Extracellular Vesicles

BACKGROUND: Exposure to traumatic events is a risk factor for negative physical and mental health outcomes. However, the underlying biological mechanisms that perpetuate these lasting effects are not known. METHODS: We investigated the impact and timing of sexual trauma, a specific type of interpersonal violence, experienced during key developmental windows of childhood, adolescence, or adulthood on adult health outcomes and associated biomarkers, including circulating cell-free mitochondrial DNA levels and extracellular vesicles (EVs), in a predominantly Black cohort of women (N = 101).

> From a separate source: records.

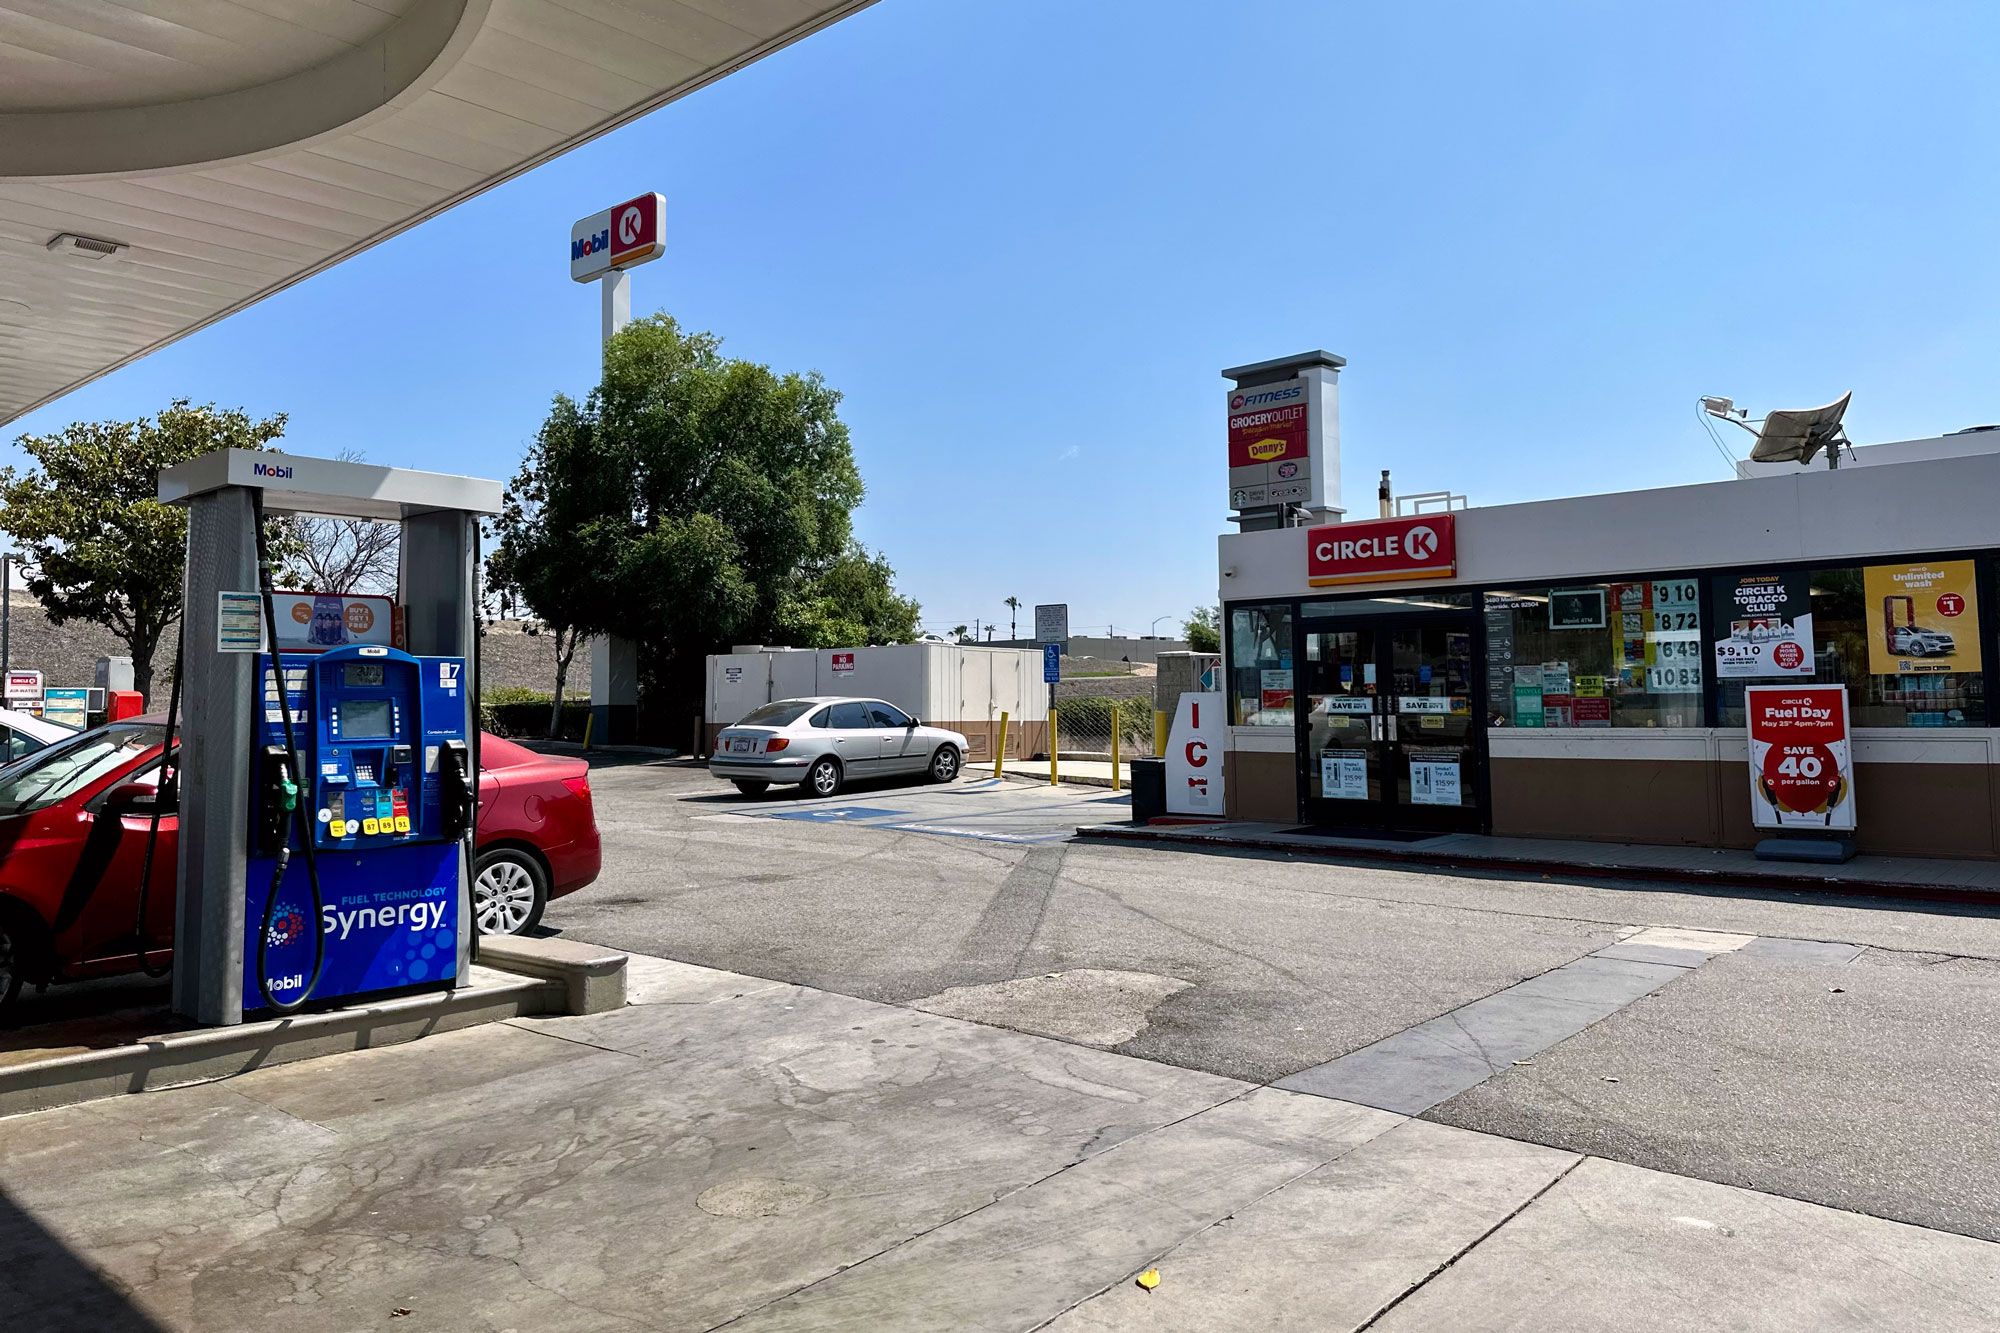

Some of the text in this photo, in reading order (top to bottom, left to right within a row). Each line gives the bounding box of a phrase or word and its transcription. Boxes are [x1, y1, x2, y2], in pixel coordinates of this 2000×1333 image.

[622, 210, 641, 242] K
[571, 229, 608, 260] Mobil
[1245, 386, 1303, 406] FITNESS
[1252, 441, 1285, 456] Denny's
[254, 463, 293, 479] Mobil
[1315, 529, 1437, 562] CIRCLE K
[1893, 571, 1945, 581] Unlimited
[1735, 585, 1786, 596] CIRCLE K
[1905, 580, 1932, 588] wash
[1733, 594, 1788, 605] TOBACCO
[1745, 603, 1776, 612] CLUB
[1717, 646, 1761, 656] $9.10
[450, 664, 461, 679] 7
[833, 662, 854, 670] PARKING
[1765, 707, 1831, 719] Fuel Day
[1783, 746, 1815, 755] SAVE
[341, 887, 447, 905] FUEL TECHNOLOGY
[322, 900, 447, 940] Synergy

RESULTS: Significant changes in both biomarkers examined, circulating cell-free mitochondrial DNA levels and EV proteome, were specific to developmental timing of sexual trauma. Specifically, we identified a large number of keratin-related proteins from EVs unique to the adolescent sexual trauma group. Remarkably, the majority of these keratin proteins belong to a 17q21 gene cluster, which suggests a potential local epigenetic regulatory mechanism altered by adolescent trauma to impact keratinocyte EV secretion or its protein cargo. These results, along with changes in fear-potentiated startle and skin conductance detected in these women, suggest that sexual violence experienced during the specific developmental window of adolescence may involve unique programming of the skin, the body's largest stress organ. CONCLUSIONS: Together, these descriptive studies provide novel insight into distinct biological processes altered by trauma experienced during specific developmental windows. Future studies will be required to mechanistically link these biological processes to health outcomes.